Mit mehr als einem Jahr Verspätung ist im krisengeschüttelten Tunesien am Sonntag eine neue Verfassung verabschiedet worden, die Vorbildfunktion für die Länder des arabischen Frühlings entfalten könnte. In der Nationalversammlung erhielt der Text eine überwältigende Mehrheit von 200 Stimmen bei zwölf Gegenstimmen und vier Enthaltungen - 145 Ja-Stimmen hätten ausgereicht. Tunesien habe eine "historische Etappe" gemeistert, zollte UN-Generalsekretär Ban Ki Moon seinen Respekt.

Die Arbeit an der neuen Verfassung hatte im Oktober 2011 begonnen - ein Dreivierteljahr nach Beginn der Revolution, die zum Sturz des langjährigen Machthabers Zine El Abidine Ben Ali führte. Eigentlich sollte die Verfassung binnen eines Jahres fertig werden. Aber Grabenkämpfe zwischen den Islamisten der Ennahda-Partei und der säkular orientierten Opposition zogen den Prozess mehr als zwei Jahre in die Länge.

"Modell für andere Völker"

Das Ergebnis wurde am späten Sonntagabend schon gefeiert: "Wir opfern unsere Seele und unser Blut für Dich, Tunesien", riefen die Mitglieder der Nationalversammlung. "Das Grundgesetz bewahrt unsere früheren Errungenschaften und schafft das Fundament für einen demokratischen Staat", sagte Mustapha Ben Jaafar, der die verfassunggebende Versammlung leitete.

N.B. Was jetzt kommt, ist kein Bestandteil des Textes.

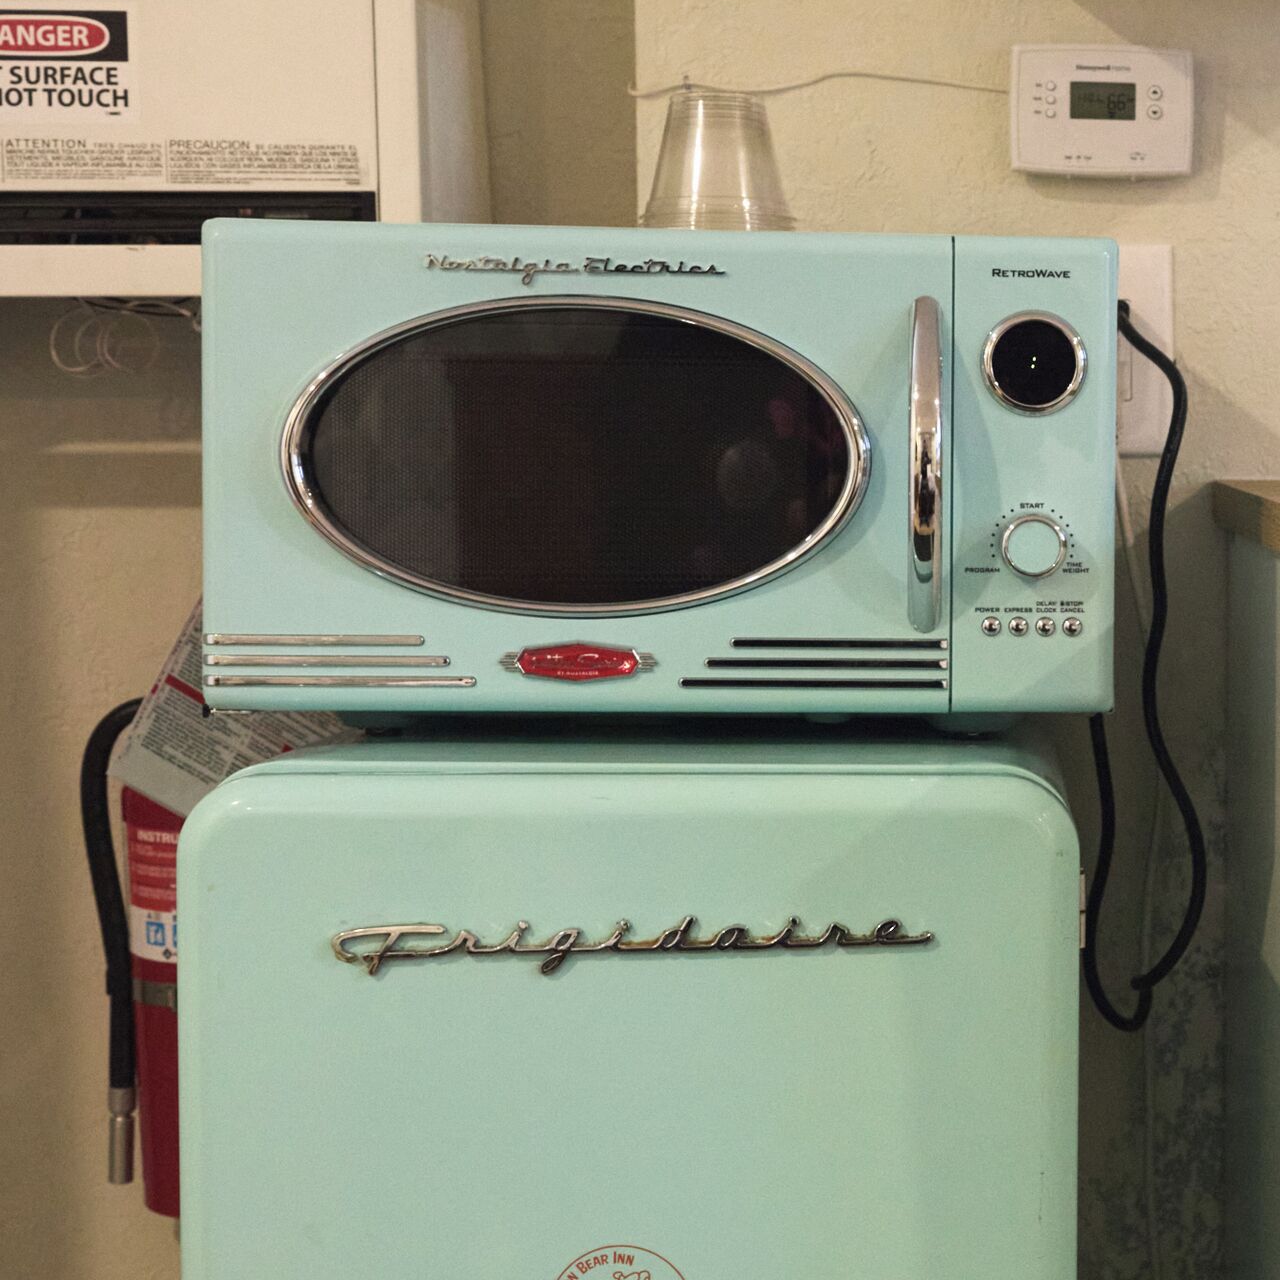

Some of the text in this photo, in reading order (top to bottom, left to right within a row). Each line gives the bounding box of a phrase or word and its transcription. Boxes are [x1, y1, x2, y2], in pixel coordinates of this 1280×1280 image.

[9, 65, 119, 85] SURFACE
[0, 87, 128, 107] OT TOUCH
[6, 138, 87, 149] ATTENTION
[169, 139, 250, 149] PRECAUCION
[425, 253, 727, 286] Nostalgia Electrics
[330, 914, 935, 976] Frigidaire
[575, 1253, 610, 1275] BEAR
[612, 1251, 636, 1267] INN
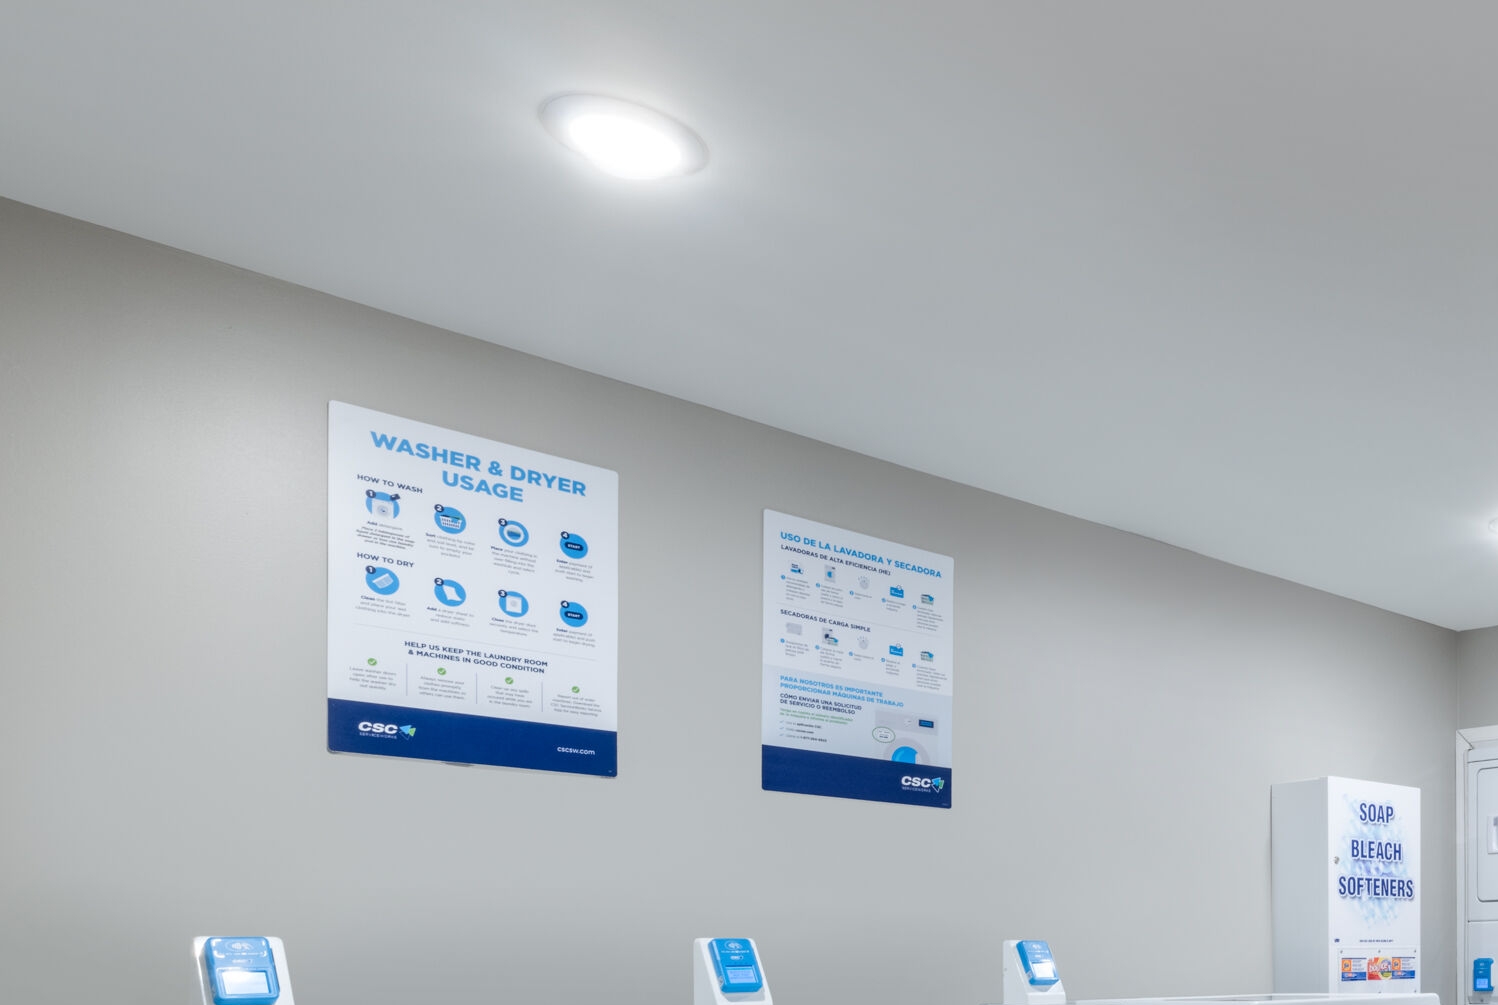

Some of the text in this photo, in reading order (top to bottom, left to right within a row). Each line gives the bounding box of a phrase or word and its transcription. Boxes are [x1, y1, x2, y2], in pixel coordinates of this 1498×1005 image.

[370, 431, 586, 496] WASHER & DRYER
[357, 474, 423, 494] HOW TO WASH
[442, 470, 524, 502] USAGE
[357, 552, 379, 561] HOW
[397, 560, 414, 568] DRY
[780, 532, 942, 578] USO DE LA LAVADORA Y SECADORA
[781, 544, 818, 558] LAVADORAS
[830, 556, 843, 564] ALTA
[845, 560, 877, 572] EFICIENCIA
[780, 609, 817, 622] SECADORAS
[828, 619, 848, 628] CARGA
[850, 623, 871, 632] SIMPLE
[416, 651, 460, 662] MACHINES
[473, 658, 498, 667] GOOD
[500, 662, 545, 674] CONDITION
[442, 646, 464, 654] KEEP
[484, 652, 522, 663] LAUNDRY
[524, 659, 548, 667] ROOM
[780, 683, 831, 695] PROPORCIONAR
[876, 698, 904, 707] TRABAJO
[800, 679, 833, 689] NOSOTROS
[845, 686, 883, 697] IMPORTANTE
[789, 700, 815, 709] SERVICIO
[822, 705, 856, 714] REEMBOLSO
[834, 701, 862, 711] SOLICITUD
[358, 721, 398, 734] CSC
[557, 746, 595, 756] cscsw.com
[901, 776, 931, 788] CSC
[1359, 802, 1394, 823] SOAP
[1351, 839, 1402, 861] BLEACH
[1339, 876, 1413, 897] SOFTENERS

Die Verfassung schreibt eine geteilte Exekutive fest, weist dem Islam einen begrenzten Raum zu und sie setzt - zum ersten Mal in der arabischen Welt - das Ziel, dass in den gewählten Kammern genau so viele Frauen wie Männer sitzen sollen. Sie schaffe damit ein "Modell für die anderen Völker, die nach Reformen streben", sagte UN-Generalsekretär Ban mit Blick auf Länder wie Ägypten oder Libyen.

Wahlen haben Priorität

Die Paraphierung der Verfassung ist für Montagmorgen vorgesehen, eine weitere Zeremonie findet am Nachmittag bei Präsident Moncef Marzouki statt. Der Sonntag war für Tunesien nicht nur wegen der Verfassung wichtig. Der designierte Regierungschef Mahdi Jomaâ legte nach mehreren gescheiterten Anläufen auch eine neue Liste für sein Expertenkabinett vor. Die neue Regierung soll insbesondere die Präsidentschafts- und Parlamentswahl vorbereiten, die den Übergang in dem Land nach den Umbrüchen abschließen soll.

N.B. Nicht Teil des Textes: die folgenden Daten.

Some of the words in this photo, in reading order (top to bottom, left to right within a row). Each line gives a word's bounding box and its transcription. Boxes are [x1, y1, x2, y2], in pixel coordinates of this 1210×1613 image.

Das Land war durch die Ermordung des linken Oppositionellen Mohammed Brahmi im Juli 2013 in eine schwere Krise gestürzt. Die Tat wurde zwar militanten Salafisten angelastet, doch die Opposition machte die bislang regierende Ennahda-Partei mitverantwortlich. Beide Seiten einigten sich Ende 2013 schließlich auf einen Fahrplan aus der Krise, der den Rücktritt der Ennahda-geführten Regierung vorsah. Das Expertenkabinett Jomaâs soll in dieser Woche vom Parlament bestätigt werden. Die Abhaltung von Parlaments- und Präsidentschaftswahlen noch in diesem Jahr sei "die Priorität der Prioritäten" für ihn, sagte der designierte Ministerpräsident.